I find comfort in the old Masters the art of the Renaissance as well as art from two millennia back, it’s my wall against greed, the materialistic the piles of useless garbage and all the empty words it’s like a poetry wall for me against all evil
One of the best things that happened to me in the Silicon Valley was that people really never cared about my gender or my accent, and I highly encourage you if you ever want to try and work, work for somebody that you like and somebody that likes you back. Although the Silicon Valley appears on the surface to really care about middle-aged white men, under the hood what Silicon Valley really cares about is whether you produce great work, and since I was sitting in a cubicle and typing and clicking away nobody really cared if I had a vagina or whether I had come from Eastern Europe or not.
When I first moved to the Silicon Valley I was fresh off the middle of the Midwest University where I had gone to do my Masters and where I had gotten a full scholarship. It is great to have the American government pay for your education so always make sure to get good grades and be well positioned for a full ride. It is much easier than you think – just go for the place that gives you education for free and you will never regret it. Paying for education is a racket and full of regrets and financial woes long term. We moved to the Silicon Valley directly from school basically dragging a U-Haul behind us. In the valley I had no family or friends, and since I was wondering what to do – I worked. Because I had no idea what else to do other than working and I didn’t know anyone, I didn’t have any network, or support network, or friends or family, .. so I started paying attention to what the most talented people were doing, people whom I admired and respected for their work, and tried to do the same thing, and what the most talented people were doing is working a lot so I did too.
I was sitting around in the cubicle in front of a computer and I was having absolutely a great time, I was having a lot of fun, and I was getting paid $100,000 to do the fun. There was a company, a video game company called Activision which paid me about $120,000 – so I will get a yearly salary and then they will have these layoffs whenever a project is over, whenever a project was over they will lay off people and give severance. I would get laid off from a project and get $20,000 severance. In a month or two they will call me back and say hey please come back on board but you have to return the money. I’m like no way I’m not returning the money so I will get on board again and I will keep the $20,000. And then the project will be over again for some reason, it would be over in six months and then they will give me another $20,000 in severance. So it was really nice like that.
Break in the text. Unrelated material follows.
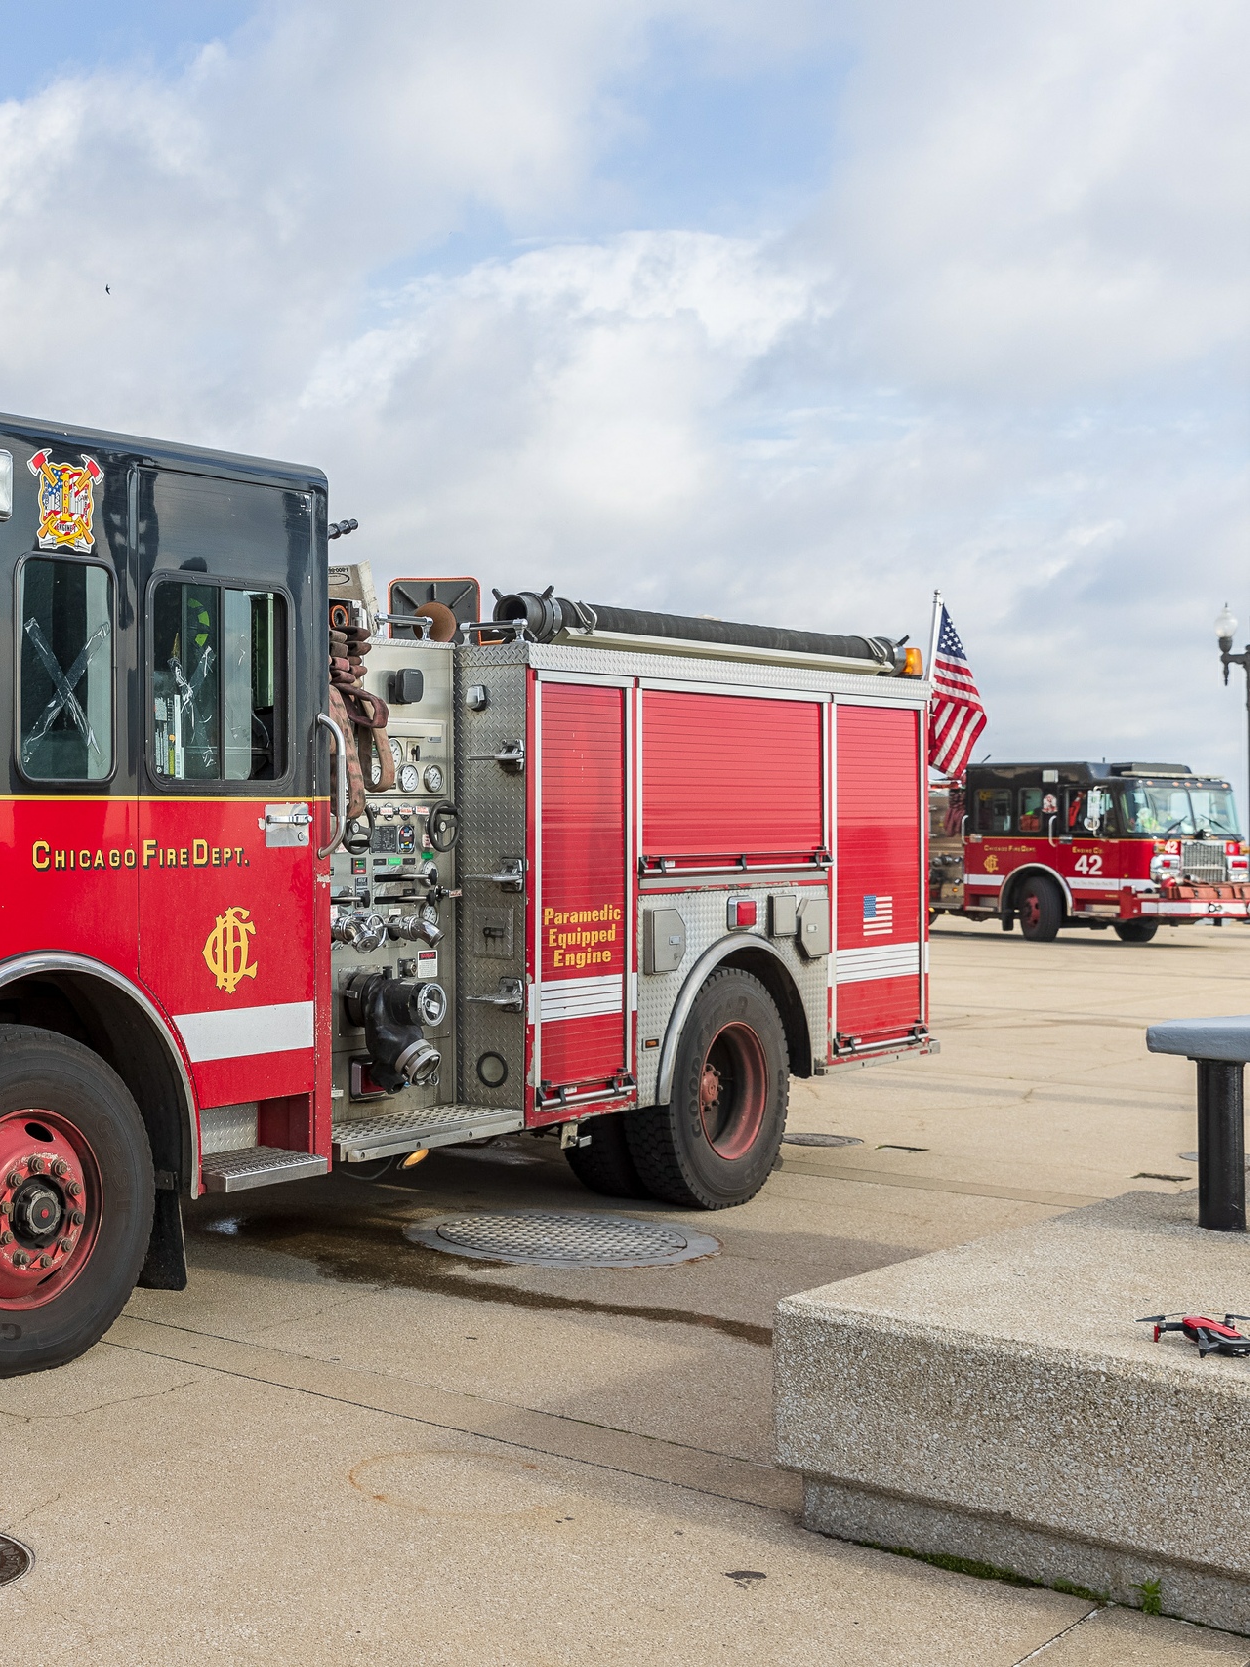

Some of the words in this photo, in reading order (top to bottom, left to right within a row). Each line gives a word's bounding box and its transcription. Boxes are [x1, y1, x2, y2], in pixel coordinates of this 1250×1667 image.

I would end up with these fantastic amounts of money in my bank account so what did I do with the money? I went to the Uffizi, I went to the Vatican Museums, St Peters, to the Borghese to see the best of Bernini, the churches and the ruins of Rome, the galleries in Florence, the best Gaudi palaces in Barcelona, the three great museums in Madrid where i spent literally every day soaking the greatest art the world has ever seen – Picasso, Dali, Goya, El Greco, I went to the Louvre, I went to the National Gallery in London, to the National Portrait Gallery. I went to Amsterdam and the Hague to learn of Rembrandt and Vermeer, I was frequently stoping in New York as well, I learned from the best the world has to offer first-hand. It also really helped that as an artist in the Silicon Valley I was getting really acquainted with the best processes in the world, with what the Japanese called kaizen – continuous improvement. There’s one thing about being a commercial artist is that you work together with other people in a collaborative way, you work towards a certain visual goal and that visual goal has a very high standard, and that high standard has to be achieved somehow right? The best possible way is, because you can’t really nail it right off the bat, the best way is to take small steps and do continuous improvement until the final product is satisfactory, ideally, as in the case with the Silicon Valley, the greatest product and the highest standard that can be reached.
When I went to study all the old Masters and I was already familiar with all the processes that the Silicon Valley used to create these marvelous projects and products, I could recognize the same drive for greatness. I could recognize that all the old Masters ( I include in this definition all the Renaissance greats as well as all the great artists from Antiquity ) were not only great artists but great technicians, great engineers as well, they were very very technical in their approach.
Silicon Valley had this really flat management structure where you basically learned how to do things by bouncing off of other great people that were doing their thing. Steve Jobs had the famous rock tumbler metaphor where you put a bunch of rocks in a tumbler and you turn it on and the next day come back to see that all the rocks were polished into nice gems by simply rubbing off of each other for 24 hours.
Although nobody ever spoke of kaizen the spirit of kaizen permeated the Silicon Valley.
Stay away from garbage. You know it when you see it. Stay near and learn from the best. You always know when you see great work, it usually speaks for itself – the people, the products and the processes are usually something you want to repeat in the future, learn from, come back to, deeply respect, greatly admire and want to emulate.
I am writing a book of secrets, and not just about Lucasfilm, but about the sauce that produced the greatest franchise of the 20th century. I mean we are talking about not just a business that made money, not just about a brand, but about a story that made generations of adults dream and get silly behind glowing sticks, and made grown ups line up around the block to see a spaceships movie. We are talking about a saga that made many millions around the world shiver with amazement. How do you make stuff like that, how do you create it, where do you start?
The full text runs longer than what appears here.